Using other Test runners
Running Vue Test Utils with Karma
Karma is a test runner that launches browsers, runs tests, and reports them back to us.
In addition to Karma, you might want to use the Mocha framework to write the tests, and the Chai library for test assertions. Also, you may also want to check out Sinon for creating spies and stubs.
Following is a basic Karma config for Vue Test Utils:
// karma.conf.js
var webpackConfig = require('./webpack.config.js')
module.exports = function (config) {
config.set({
frameworks: ['mocha'],
files: ['test/**/*.spec.js'],
webpack: webpackConfig,
reporters: ['spec'],
browsers: ['Chrome'],
preprocessors: {
'**/*.spec.js': ['webpack', 'sourcemap']
}
})
}
Running Vue Test Utils with mocha-webpack
Another strategy for testing SFCs is compiling all our tests via webpack and then run it in a test runner.

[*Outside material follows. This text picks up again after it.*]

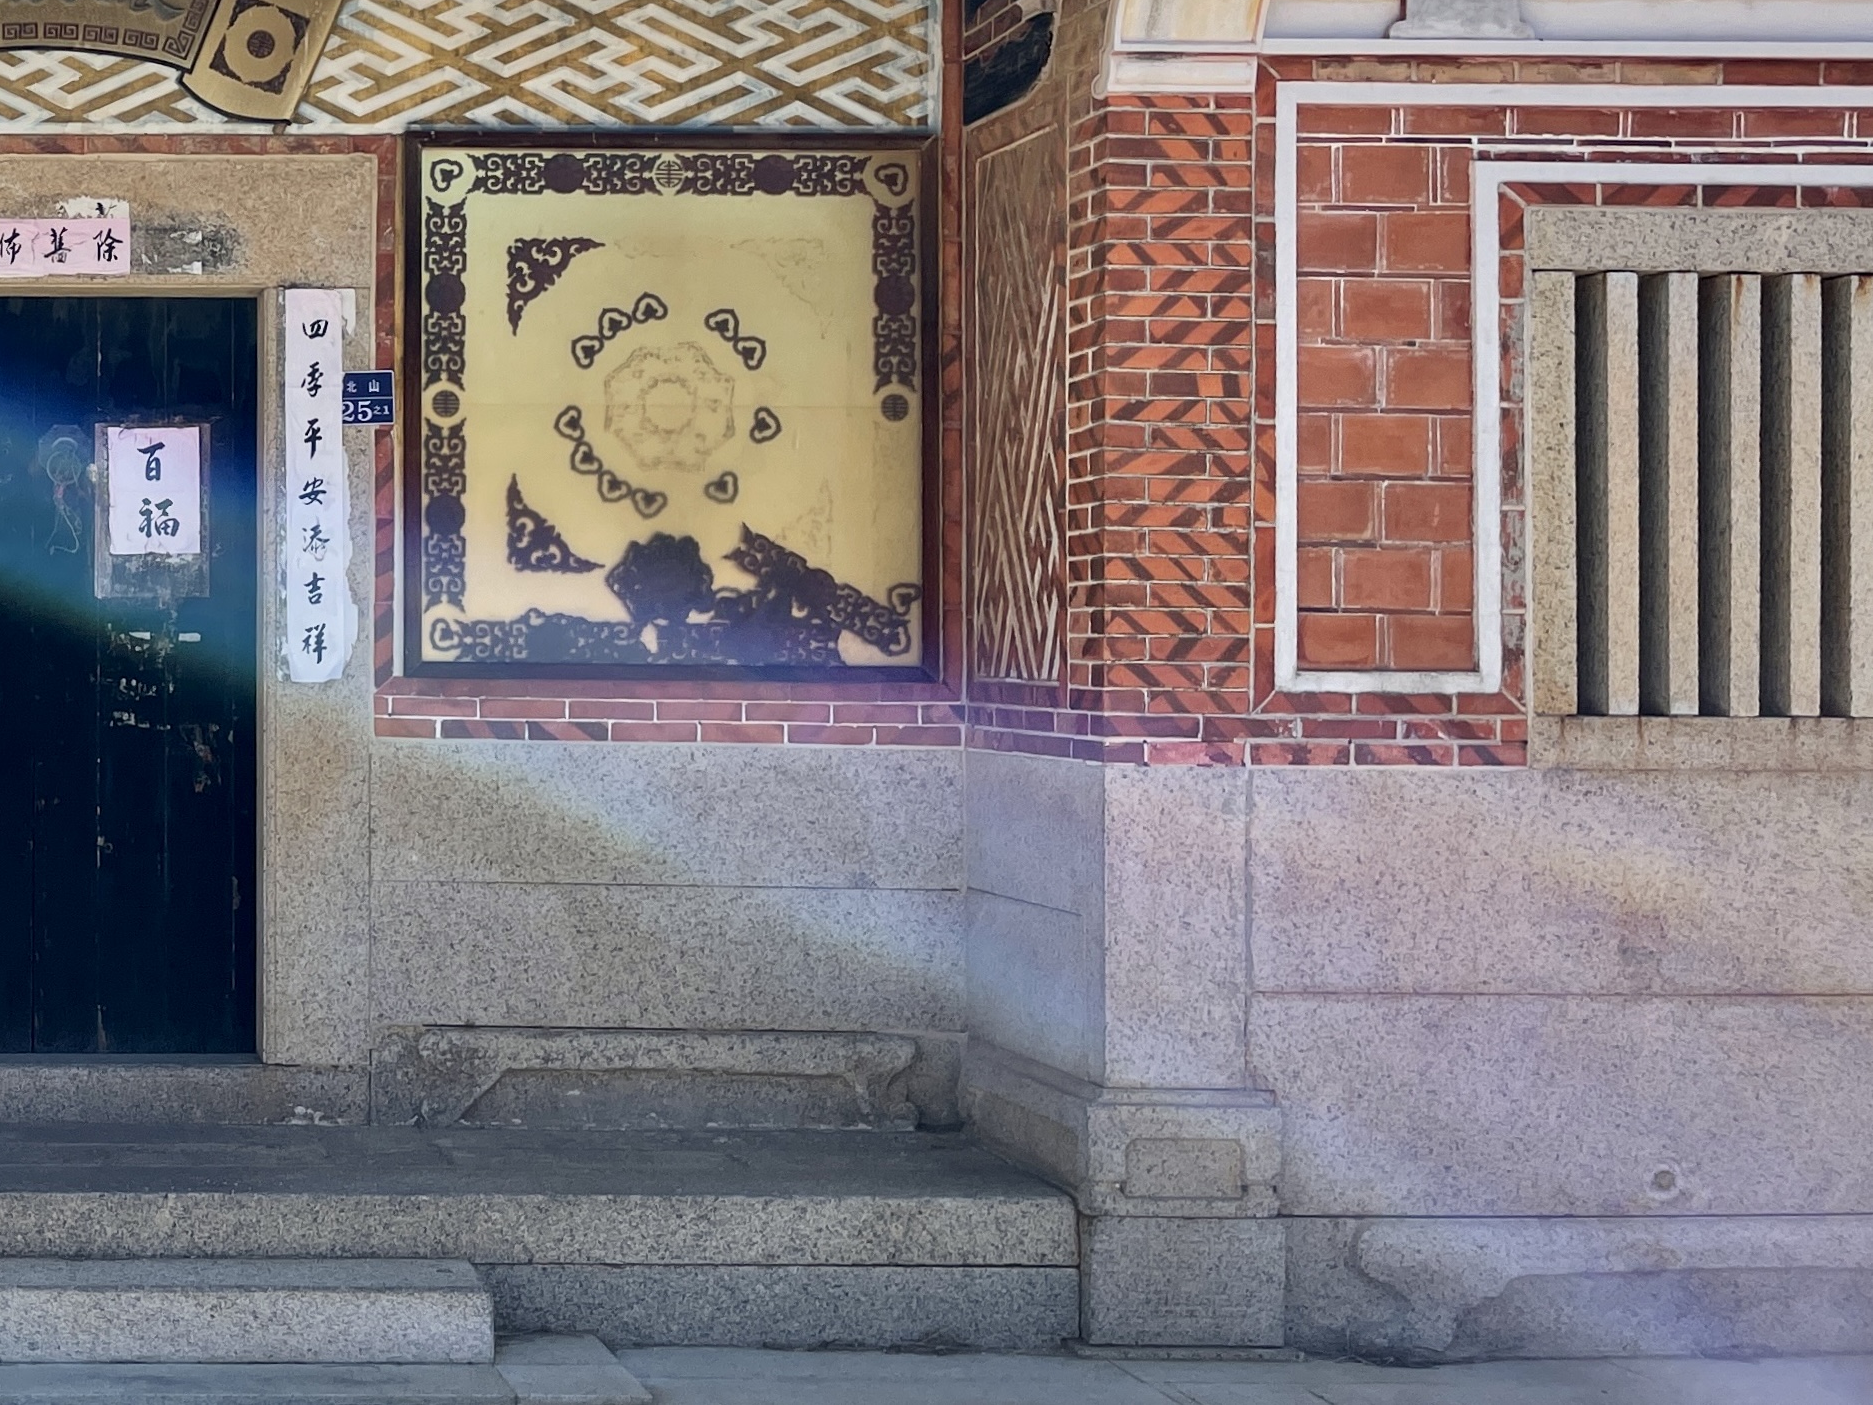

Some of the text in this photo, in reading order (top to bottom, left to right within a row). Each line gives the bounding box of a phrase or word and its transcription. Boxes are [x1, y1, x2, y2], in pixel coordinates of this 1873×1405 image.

The advantage of this approach is that it gives us full support for all webpack and vue-loader
features, so we don't have to make compromises in our source code.
We've found mochapack
to provide a very streamlined experience for this particular task.
The first thing to do is installing test dependencies:
npm install --save-dev @vue/test-utils mocha mochapack
After installing Vue Test Utils and mochapack
, you will need to define a test script in your package.json
:
// package.json
{
"scripts": {
"test": "mochapack --webpack-config webpack.config.js --require test/setup.js test/**/*.spec.js"
}
}
Running Vue Test Utils without a build step
While it is common to build Vue applications using tools such as webpack to bundle the application, vue-loader
to leverage Single File Components, it is possible to use Vue Test Utils with much less. The minimal requirements for Vue Test Utils, aside from the library itself are:
- Vue
- vue-template-compiler
- a DOM (be it jsdom in a Node environment, or the DOM in a real browser)
Notice that jsdom
(or any other DOM implementation) must be required before Vue Test Utils, because it expects a DOM (real DOM, or JSDOM) to exist.